RECORDS FOR THIS TASK section start

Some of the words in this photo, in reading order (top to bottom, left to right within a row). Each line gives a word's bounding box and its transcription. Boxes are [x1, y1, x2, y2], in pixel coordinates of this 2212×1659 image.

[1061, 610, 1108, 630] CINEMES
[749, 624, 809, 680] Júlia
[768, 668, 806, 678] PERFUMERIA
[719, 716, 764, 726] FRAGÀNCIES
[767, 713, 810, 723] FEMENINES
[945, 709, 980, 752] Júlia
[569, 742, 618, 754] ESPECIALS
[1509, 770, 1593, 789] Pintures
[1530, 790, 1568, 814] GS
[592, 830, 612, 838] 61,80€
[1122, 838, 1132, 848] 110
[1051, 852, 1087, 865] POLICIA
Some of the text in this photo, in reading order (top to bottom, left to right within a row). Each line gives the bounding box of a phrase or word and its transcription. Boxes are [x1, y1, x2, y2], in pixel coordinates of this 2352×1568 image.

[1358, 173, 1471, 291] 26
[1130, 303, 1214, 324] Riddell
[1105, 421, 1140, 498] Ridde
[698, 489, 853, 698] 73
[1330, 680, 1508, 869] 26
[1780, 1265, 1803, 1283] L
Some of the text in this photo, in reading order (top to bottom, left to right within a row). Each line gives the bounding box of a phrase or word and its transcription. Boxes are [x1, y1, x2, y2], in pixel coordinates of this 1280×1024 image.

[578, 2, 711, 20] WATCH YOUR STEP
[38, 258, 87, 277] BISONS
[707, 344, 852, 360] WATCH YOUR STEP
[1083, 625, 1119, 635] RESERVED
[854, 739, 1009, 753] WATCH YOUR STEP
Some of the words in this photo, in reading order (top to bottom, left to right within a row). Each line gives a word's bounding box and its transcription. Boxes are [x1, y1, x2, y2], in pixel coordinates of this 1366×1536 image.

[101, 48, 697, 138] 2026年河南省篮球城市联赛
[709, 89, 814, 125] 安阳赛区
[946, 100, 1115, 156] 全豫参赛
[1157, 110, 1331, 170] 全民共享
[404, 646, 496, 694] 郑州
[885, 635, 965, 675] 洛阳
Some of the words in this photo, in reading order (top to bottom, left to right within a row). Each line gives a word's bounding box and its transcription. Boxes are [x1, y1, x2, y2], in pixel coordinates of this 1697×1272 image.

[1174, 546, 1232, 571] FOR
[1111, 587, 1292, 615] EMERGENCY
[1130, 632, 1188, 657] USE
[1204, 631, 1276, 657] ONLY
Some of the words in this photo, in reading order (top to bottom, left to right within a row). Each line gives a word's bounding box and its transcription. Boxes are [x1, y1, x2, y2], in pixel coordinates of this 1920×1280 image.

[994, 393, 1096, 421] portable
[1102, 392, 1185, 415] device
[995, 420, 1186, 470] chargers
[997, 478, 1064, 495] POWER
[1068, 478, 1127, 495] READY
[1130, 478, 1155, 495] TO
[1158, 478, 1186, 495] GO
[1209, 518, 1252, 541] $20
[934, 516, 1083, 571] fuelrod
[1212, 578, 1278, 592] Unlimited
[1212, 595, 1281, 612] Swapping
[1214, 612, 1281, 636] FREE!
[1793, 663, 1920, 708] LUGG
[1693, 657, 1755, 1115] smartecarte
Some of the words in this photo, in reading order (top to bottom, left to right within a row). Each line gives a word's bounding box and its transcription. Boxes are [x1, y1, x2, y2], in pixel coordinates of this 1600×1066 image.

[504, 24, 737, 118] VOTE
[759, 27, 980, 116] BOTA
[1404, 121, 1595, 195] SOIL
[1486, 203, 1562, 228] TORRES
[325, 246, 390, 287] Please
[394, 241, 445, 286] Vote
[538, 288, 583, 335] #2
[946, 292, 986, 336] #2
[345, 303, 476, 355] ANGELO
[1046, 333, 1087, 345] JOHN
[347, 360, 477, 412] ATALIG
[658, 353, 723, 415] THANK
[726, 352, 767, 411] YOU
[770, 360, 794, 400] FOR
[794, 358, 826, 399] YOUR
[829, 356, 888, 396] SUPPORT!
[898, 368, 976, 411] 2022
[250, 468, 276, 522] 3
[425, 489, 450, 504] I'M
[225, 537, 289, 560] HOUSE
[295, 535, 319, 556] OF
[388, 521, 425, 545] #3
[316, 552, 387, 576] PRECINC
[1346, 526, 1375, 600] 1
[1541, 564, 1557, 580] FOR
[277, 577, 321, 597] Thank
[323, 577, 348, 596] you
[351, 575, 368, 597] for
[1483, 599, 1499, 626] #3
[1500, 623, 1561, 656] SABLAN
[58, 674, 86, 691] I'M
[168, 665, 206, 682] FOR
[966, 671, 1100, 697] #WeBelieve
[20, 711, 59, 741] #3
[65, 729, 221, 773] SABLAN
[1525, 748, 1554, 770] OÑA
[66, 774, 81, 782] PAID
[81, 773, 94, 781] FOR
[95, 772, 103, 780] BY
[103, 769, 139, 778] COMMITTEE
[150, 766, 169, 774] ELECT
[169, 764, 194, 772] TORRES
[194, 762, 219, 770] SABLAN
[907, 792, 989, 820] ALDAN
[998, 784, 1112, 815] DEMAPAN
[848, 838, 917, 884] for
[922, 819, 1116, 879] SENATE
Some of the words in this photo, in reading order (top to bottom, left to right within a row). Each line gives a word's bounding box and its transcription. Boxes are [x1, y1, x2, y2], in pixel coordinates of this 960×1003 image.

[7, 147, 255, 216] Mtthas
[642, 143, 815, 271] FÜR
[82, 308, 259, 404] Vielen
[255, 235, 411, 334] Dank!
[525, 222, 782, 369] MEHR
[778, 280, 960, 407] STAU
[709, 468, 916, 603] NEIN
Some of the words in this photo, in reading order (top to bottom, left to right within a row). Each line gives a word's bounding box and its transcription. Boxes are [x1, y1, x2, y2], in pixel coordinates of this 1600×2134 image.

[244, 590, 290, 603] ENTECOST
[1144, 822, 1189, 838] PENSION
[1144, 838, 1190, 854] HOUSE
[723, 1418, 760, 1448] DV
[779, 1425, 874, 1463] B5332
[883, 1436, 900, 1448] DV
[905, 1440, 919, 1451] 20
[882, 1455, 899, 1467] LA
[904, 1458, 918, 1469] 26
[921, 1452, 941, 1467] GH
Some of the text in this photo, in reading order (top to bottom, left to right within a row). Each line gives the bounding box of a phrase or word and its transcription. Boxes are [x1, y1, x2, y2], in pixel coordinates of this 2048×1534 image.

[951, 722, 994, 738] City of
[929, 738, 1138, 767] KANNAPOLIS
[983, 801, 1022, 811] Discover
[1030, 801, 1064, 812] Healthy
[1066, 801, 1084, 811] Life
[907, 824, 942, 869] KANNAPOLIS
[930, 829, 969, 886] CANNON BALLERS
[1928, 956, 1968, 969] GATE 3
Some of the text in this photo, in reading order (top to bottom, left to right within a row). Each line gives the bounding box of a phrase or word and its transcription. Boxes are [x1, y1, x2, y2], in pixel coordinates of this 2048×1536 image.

RECORDS FOR THIS TASK section end

WHAT YOU HAVE TO DO » Give all of the material again, exactly.

YOUR SOLUTION »
Some of the words in this photo, in reading order (top to bottom, left to right within a row). Each line gives a word's bounding box and its transcription. Boxes are [x1, y1, x2, y2], in pixel coordinates of this 2212×1659 image.

[1061, 610, 1108, 630] CINEMES
[749, 624, 809, 680] Júlia
[768, 668, 806, 678] PERFUMERIA
[719, 716, 764, 726] FRAGÀNCIES
[767, 713, 810, 723] FEMENINES
[945, 709, 980, 752] Júlia
[569, 742, 618, 754] ESPECIALS
[1509, 770, 1593, 789] Pintures
[1530, 790, 1568, 814] GS
[592, 830, 612, 838] 61,80€
[1122, 838, 1132, 848] 110
[1051, 852, 1087, 865] POLICIA
Some of the text in this photo, in reading order (top to bottom, left to right within a row). Each line gives the bounding box of a phrase or word and its transcription. Boxes are [x1, y1, x2, y2], in pixel coordinates of this 2352×1568 image.

[1358, 173, 1471, 291] 26
[1130, 303, 1214, 324] Riddell
[1105, 421, 1140, 498] Ridde
[698, 489, 853, 698] 73
[1330, 680, 1508, 869] 26
[1780, 1265, 1803, 1283] L
Some of the text in this photo, in reading order (top to bottom, left to right within a row). Each line gives the bounding box of a phrase or word and its transcription. Boxes are [x1, y1, x2, y2], in pixel coordinates of this 1280×1024 image.

[578, 2, 711, 20] WATCH YOUR STEP
[38, 258, 87, 277] BISONS
[707, 344, 852, 360] WATCH YOUR STEP
[1083, 625, 1119, 635] RESERVED
[854, 739, 1009, 753] WATCH YOUR STEP
Some of the words in this photo, in reading order (top to bottom, left to right within a row). Each line gives a word's bounding box and its transcription. Boxes are [x1, y1, x2, y2], in pixel coordinates of this 1366×1536 image.

[101, 48, 697, 138] 2026年河南省篮球城市联赛
[709, 89, 814, 125] 安阳赛区
[946, 100, 1115, 156] 全豫参赛
[1157, 110, 1331, 170] 全民共享
[404, 646, 496, 694] 郑州
[885, 635, 965, 675] 洛阳
Some of the words in this photo, in reading order (top to bottom, left to right within a row). Each line gives a word's bounding box and its transcription. Boxes are [x1, y1, x2, y2], in pixel coordinates of this 1697×1272 image.

[1174, 546, 1232, 571] FOR
[1111, 587, 1292, 615] EMERGENCY
[1130, 632, 1188, 657] USE
[1204, 631, 1276, 657] ONLY
Some of the words in this photo, in reading order (top to bottom, left to right within a row). Each line gives a word's bounding box and its transcription. Boxes are [x1, y1, x2, y2], in pixel coordinates of this 1920×1280 image.

[994, 393, 1096, 421] portable
[1102, 392, 1185, 415] device
[995, 420, 1186, 470] chargers
[997, 478, 1064, 495] POWER
[1068, 478, 1127, 495] READY
[1130, 478, 1155, 495] TO
[1158, 478, 1186, 495] GO
[1209, 518, 1252, 541] $20
[934, 516, 1083, 571] fuelrod
[1212, 578, 1278, 592] Unlimited
[1212, 595, 1281, 612] Swapping
[1214, 612, 1281, 636] FREE!
[1793, 663, 1920, 708] LUGG
[1693, 657, 1755, 1115] smartecarte
Some of the words in this photo, in reading order (top to bottom, left to right within a row). Each line gives a word's bounding box and its transcription. Boxes are [x1, y1, x2, y2], in pixel coordinates of this 1600×1066 image.

[504, 24, 737, 118] VOTE
[759, 27, 980, 116] BOTA
[1404, 121, 1595, 195] SOIL
[1486, 203, 1562, 228] TORRES
[325, 246, 390, 287] Please
[394, 241, 445, 286] Vote
[538, 288, 583, 335] #2
[946, 292, 986, 336] #2
[345, 303, 476, 355] ANGELO
[1046, 333, 1087, 345] JOHN
[347, 360, 477, 412] ATALIG
[658, 353, 723, 415] THANK
[726, 352, 767, 411] YOU
[770, 360, 794, 400] FOR
[794, 358, 826, 399] YOUR
[829, 356, 888, 396] SUPPORT!
[898, 368, 976, 411] 2022
[250, 468, 276, 522] 3
[425, 489, 450, 504] I'M
[225, 537, 289, 560] HOUSE
[295, 535, 319, 556] OF
[388, 521, 425, 545] #3
[316, 552, 387, 576] PRECINC
[1346, 526, 1375, 600] 1
[1541, 564, 1557, 580] FOR
[277, 577, 321, 597] Thank
[323, 577, 348, 596] you
[351, 575, 368, 597] for
[1483, 599, 1499, 626] #3
[1500, 623, 1561, 656] SABLAN
[58, 674, 86, 691] I'M
[168, 665, 206, 682] FOR
[966, 671, 1100, 697] #WeBelieve
[20, 711, 59, 741] #3
[65, 729, 221, 773] SABLAN
[1525, 748, 1554, 770] OÑA
[66, 774, 81, 782] PAID
[81, 773, 94, 781] FOR
[95, 772, 103, 780] BY
[103, 769, 139, 778] COMMITTEE
[150, 766, 169, 774] ELECT
[169, 764, 194, 772] TORRES
[194, 762, 219, 770] SABLAN
[907, 792, 989, 820] ALDAN
[998, 784, 1112, 815] DEMAPAN
[848, 838, 917, 884] for
[922, 819, 1116, 879] SENATE
Some of the words in this photo, in reading order (top to bottom, left to right within a row). Each line gives a word's bounding box and its transcription. Boxes are [x1, y1, x2, y2], in pixel coordinates of this 960×1003 image.

[7, 147, 255, 216] Mtthas
[642, 143, 815, 271] FÜR
[82, 308, 259, 404] Vielen
[255, 235, 411, 334] Dank!
[525, 222, 782, 369] MEHR
[778, 280, 960, 407] STAU
[709, 468, 916, 603] NEIN
Some of the words in this photo, in reading order (top to bottom, left to right within a row). Each line gives a word's bounding box and its transcription. Boxes are [x1, y1, x2, y2], in pixel coordinates of this 1600×2134 image.

[244, 590, 290, 603] ENTECOST
[1144, 822, 1189, 838] PENSION
[1144, 838, 1190, 854] HOUSE
[723, 1418, 760, 1448] DV
[779, 1425, 874, 1463] B5332
[883, 1436, 900, 1448] DV
[905, 1440, 919, 1451] 20
[882, 1455, 899, 1467] LA
[904, 1458, 918, 1469] 26
[921, 1452, 941, 1467] GH
Some of the text in this photo, in reading order (top to bottom, left to right within a row). Each line gives the bounding box of a phrase or word and its transcription. Boxes are [x1, y1, x2, y2], in pixel coordinates of this 2048×1534 image.

[951, 722, 994, 738] City of
[929, 738, 1138, 767] KANNAPOLIS
[983, 801, 1022, 811] Discover
[1030, 801, 1064, 812] Healthy
[1066, 801, 1084, 811] Life
[907, 824, 942, 869] KANNAPOLIS
[930, 829, 969, 886] CANNON BALLERS
[1928, 956, 1968, 969] GATE 3
Some of the text in this photo, in reading order (top to bottom, left to right within a row). Each line gives the bounding box of a phrase or word and its transcription. Boxes are [x1, y1, x2, y2], in pixel coordinates of this 2048×1536 image.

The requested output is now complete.